I have witnessed this at three centers I consulted about a transplant for myself, as well as a dozen dialysis clinics in which I have been a guest or client. I have no respect for the program, their protocol or "rules for the patient" or their hurry up do what they demand but then sit back and wait while they take their time and make their mistakes approach to their customers.

While I realize that sticking to your program to maintain healthy standards to retain a certain level of health or to maintain transplanted kidney is important, being manipulated into compliance to anything the center demands of you without thought or consideration isn't likely to produce good results. Doing without thinking when it comes to your own body and your own health isn't the way to take primary responsibility for yourself and your own well being.

Setting people up to be treated as contrite children who will be naughty if given a chance puts people in the mind to do just that as it addresses "the child" rather than the "adult" and puts the whole process on that level.

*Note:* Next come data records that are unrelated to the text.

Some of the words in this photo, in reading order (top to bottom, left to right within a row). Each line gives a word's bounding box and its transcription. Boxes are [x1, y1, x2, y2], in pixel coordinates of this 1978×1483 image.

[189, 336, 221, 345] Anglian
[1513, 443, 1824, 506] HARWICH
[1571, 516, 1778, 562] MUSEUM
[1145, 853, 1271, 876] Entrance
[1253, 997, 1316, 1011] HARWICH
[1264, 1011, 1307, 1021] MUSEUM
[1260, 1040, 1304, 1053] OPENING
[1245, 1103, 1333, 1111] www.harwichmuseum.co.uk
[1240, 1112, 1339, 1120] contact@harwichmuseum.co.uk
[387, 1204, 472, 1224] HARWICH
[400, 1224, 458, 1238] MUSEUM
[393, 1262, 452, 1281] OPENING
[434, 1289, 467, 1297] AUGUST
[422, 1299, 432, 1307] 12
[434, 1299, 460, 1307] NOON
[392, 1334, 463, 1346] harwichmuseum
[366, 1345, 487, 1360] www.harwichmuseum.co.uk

It is important that we as ESRD recipients handle our challenges with maturity and informed decision making. Allowing ourselves to be manipulated, patronized, and ordered about without understanding why or wherefore is not in our best interest. It does not only a disservice to ourselves but all those who come after us. At the same time most staff at most clinics aren't prepared for those of us who are educated and assertive enough to stand up and expect or demand respect, demand to be treated with dignity and expect precise and concrete and educated answers to questions regarding our health and treatments. They often don't know how to respond to such proactive and assertive and educated customers. More often than not they respond with defensive, aggressive and sometimes dangerous behavior which leads to more demands, more rules, more ultimatums, more hoops to jump through and less rationale, understanding justification, reasoning or logic to the new demands.

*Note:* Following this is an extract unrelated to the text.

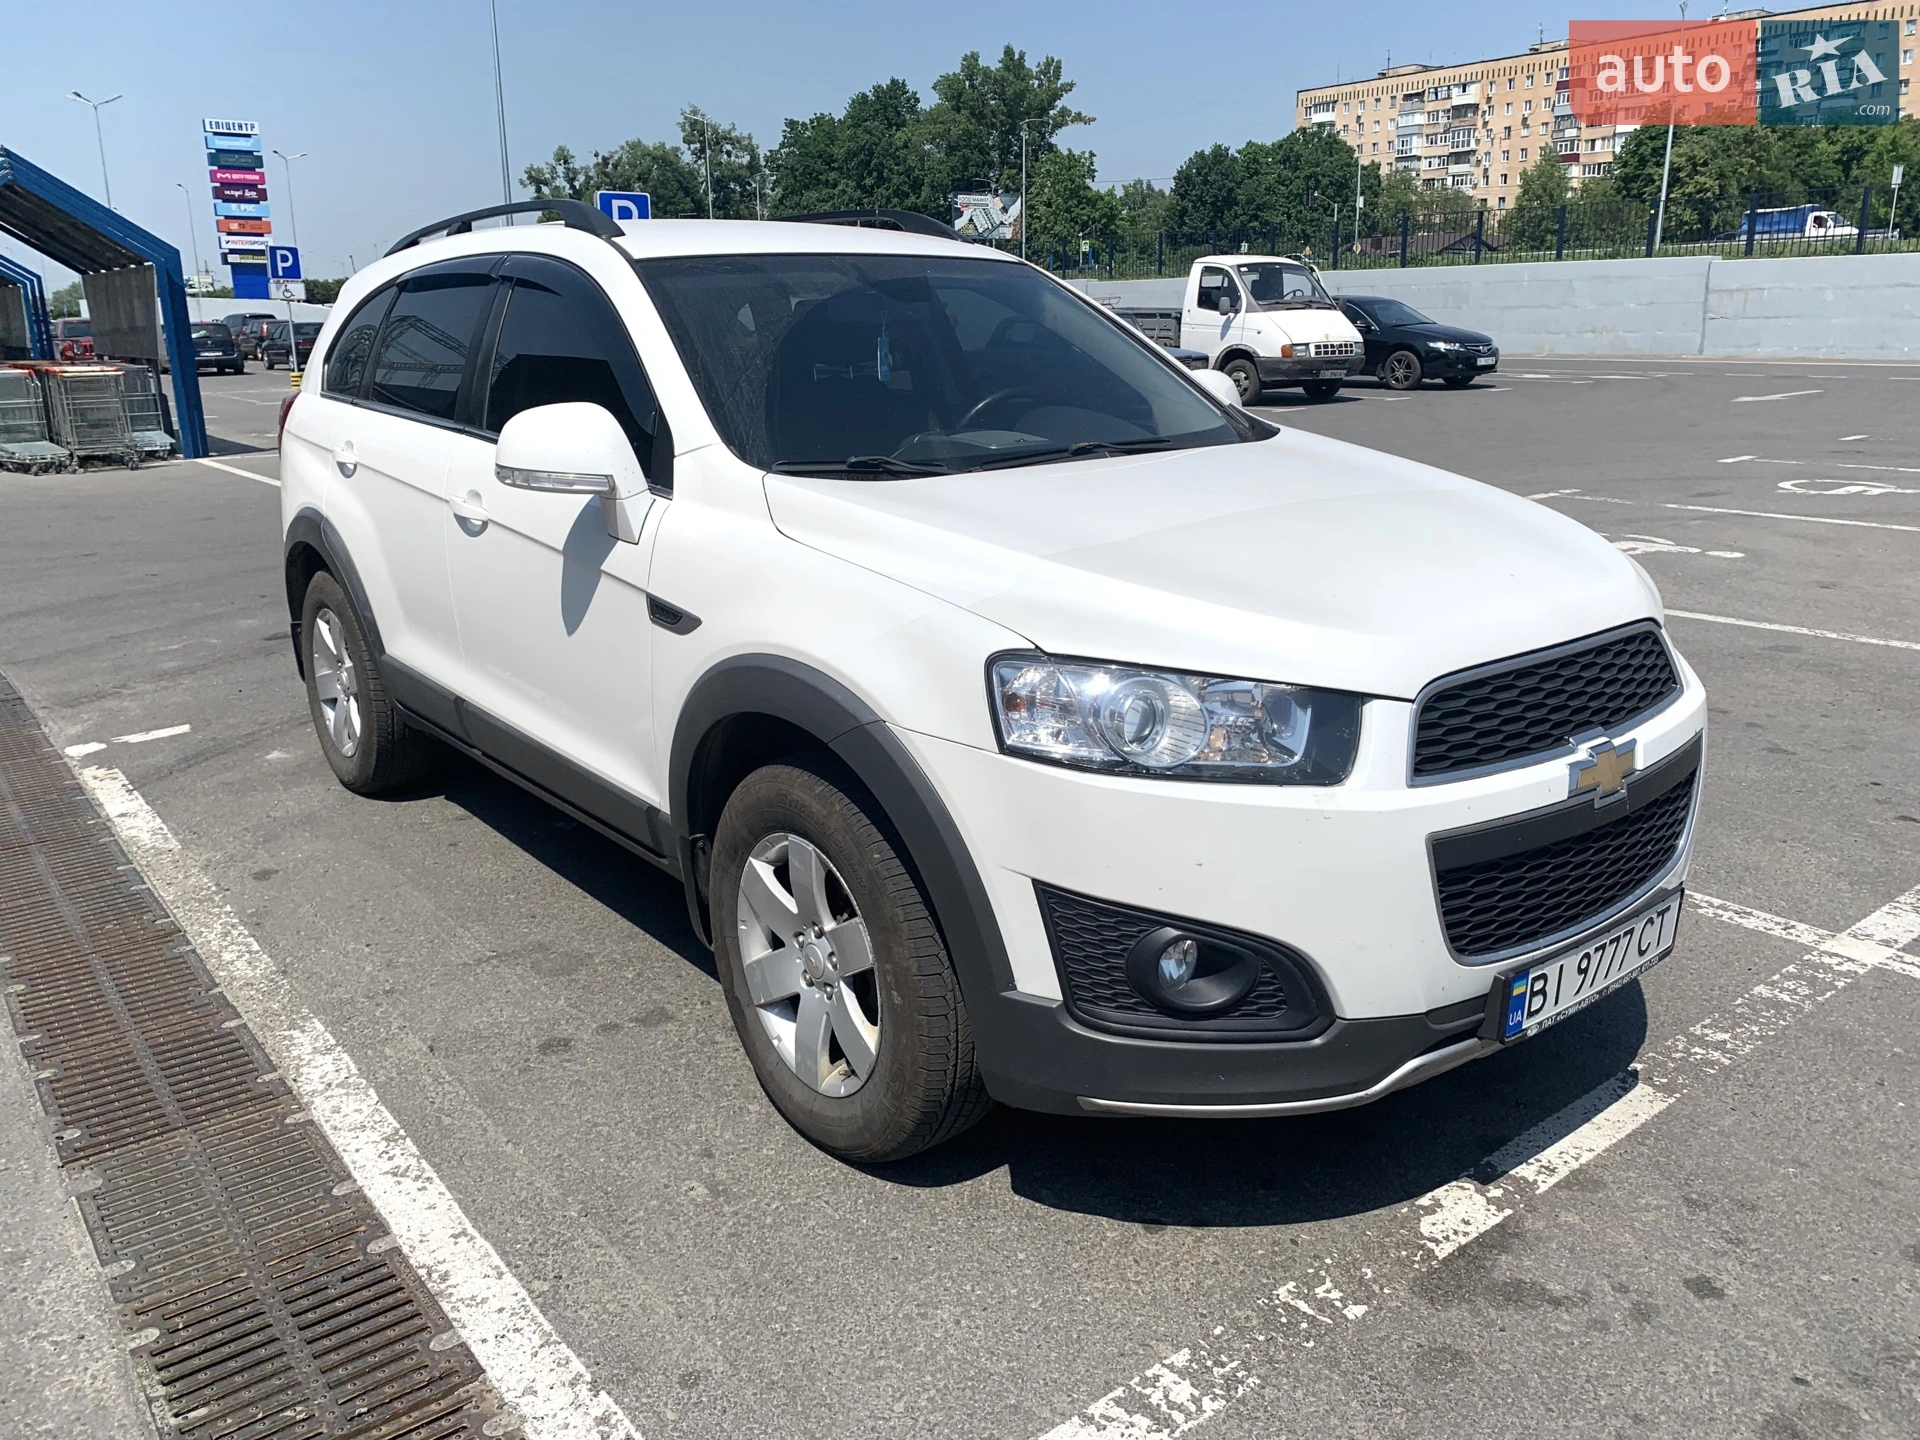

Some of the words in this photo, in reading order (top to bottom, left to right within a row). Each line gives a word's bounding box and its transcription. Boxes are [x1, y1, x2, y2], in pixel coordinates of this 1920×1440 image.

[208, 120, 256, 132] ЕПІЦЕНТР
[275, 249, 294, 277] P
[1573, 926, 1636, 996] 9777
[1509, 1011, 1523, 1026] UA

When dialysis centers (or transplant centers) treat us as children, people desperate to survive will often give in and behave as children to get what they want and what they feel they deserve. This puts one in a seriously reduced ability to care for oneself or to make appropriate, well thought out and informed, educated choices. Our kidneys make us feel helpless enough; we need to take control of how we deal with them and the problems they have given us. Being put in a position of helplessness and desperate compliance without question in order to get even the *hope* of living better and longer is not the best way to accomplish good outcomes and yet it is the standard of care, the "protocol"...the "rules" of all dialysis centers whether consciously or unconsciously. The model needs to be changed so that the centers are working for the customer and not the customer/client (patient) working for the center. The roles must be slapped back into place where they belong wherein the staff are seeing to the "real needs of the individual" not catering to the governmental rulings, insurance companies, lawyers, administrators, but to the person as a person, an individual with a face, name, dreams.

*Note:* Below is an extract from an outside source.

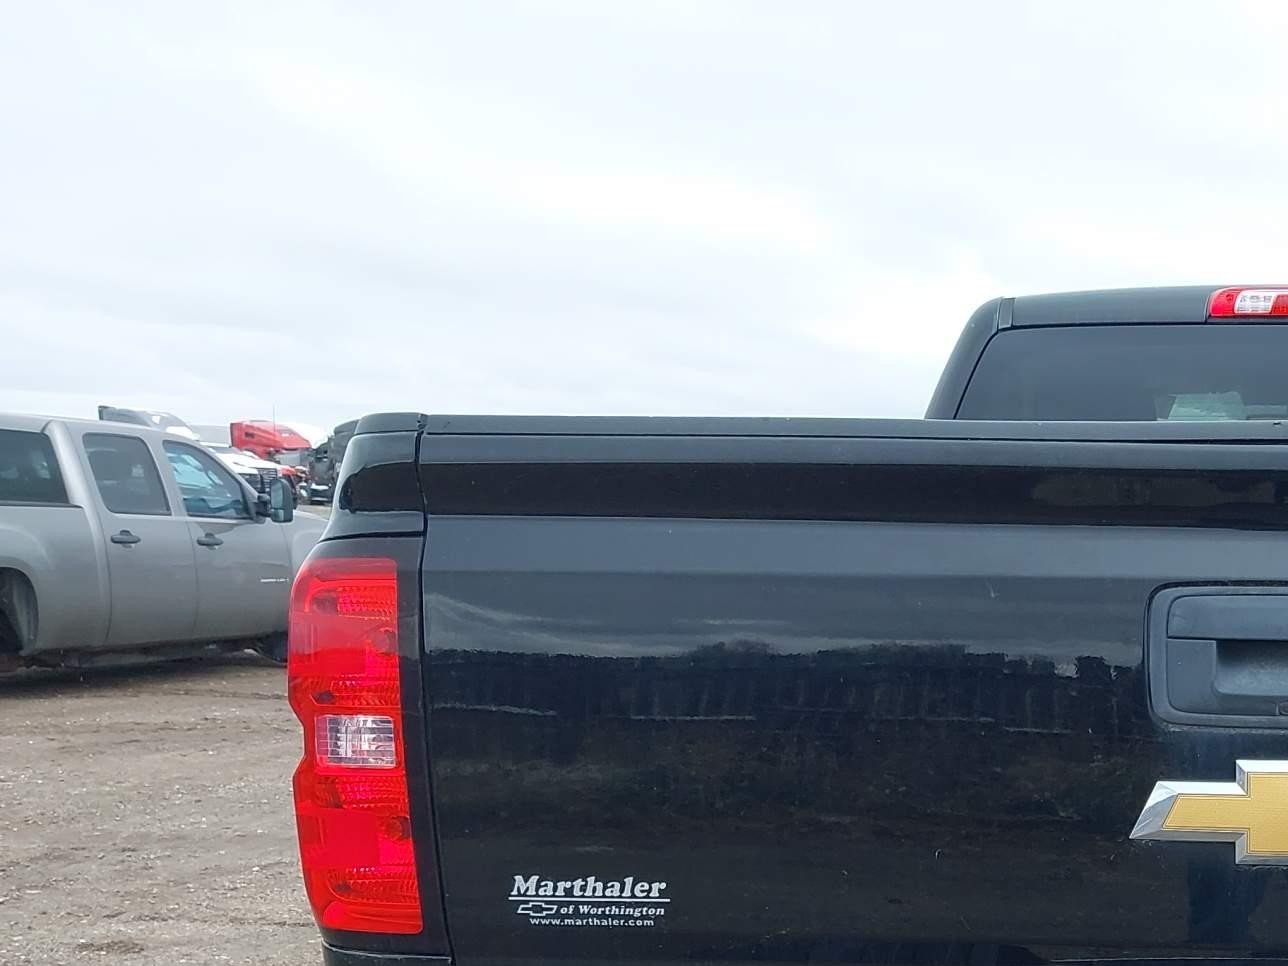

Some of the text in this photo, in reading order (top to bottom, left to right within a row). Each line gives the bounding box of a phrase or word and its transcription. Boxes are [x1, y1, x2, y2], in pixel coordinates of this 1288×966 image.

At this point, with their "We know it all, You know NOTHING" and must do as you're told approach, how does a proactive, clear headed, thinking, educated, rational adult overcome the backwards, muddle-headed, mucked up, distorted, twisted, reversed thinking of the standard staff at most dialysis centers? 

How do we overcome this hurdle which stands before us every time we enter to have a treatment, every time we have blood drawn for testing, every time we are weighed, every time we are given a sheet with lab values on it with smiley faces and stars as though we are in kindergarten instead of rational thinking adults who have the ability and capability of making clear and precise decisions regarding our health and our healthcare? 

How do we help others see us as rational adults and treat us as such when all they choose or want to see is a number a paycheck a lawsuit a choose or want to see is a number, a paycheck, a lawsuit, a troublemaker, a whiner, an agitator, a pest, a lazy person, a complainer, a liar, a cheater of diet restrictions? 

How do we overcome such labels, such marks of distinction and help others to see us as a person, a mother, father, brother, sister, friend, spouse, partner? We are people with hopes, dreams, lives and desires for longer, better days. Where is the motivation of staff? What is their motivation? Money? Where is the real reasoning? Decisions made out of desperate need are never good decisions. Maybe in the end they only see us as statistics because they see so many of us come in, deteriorate and go, either in the grave or on to another clinic, or to get a transplant. Eventually we all die, but to live without hope, without dignity, without real compassion and understanding, without respect and genuine concern.....that is truly death.

Tennyson tells the tale:
Tho' much is taken, MUCH ABIDES; and though
We are not now that strength which in old days
Moved earth and heaven; that which we are, WE ARE;
One equal temper of heroic hearts,
made weak by time and fate, but strong in will
To strive, to seek, to find and not to yield.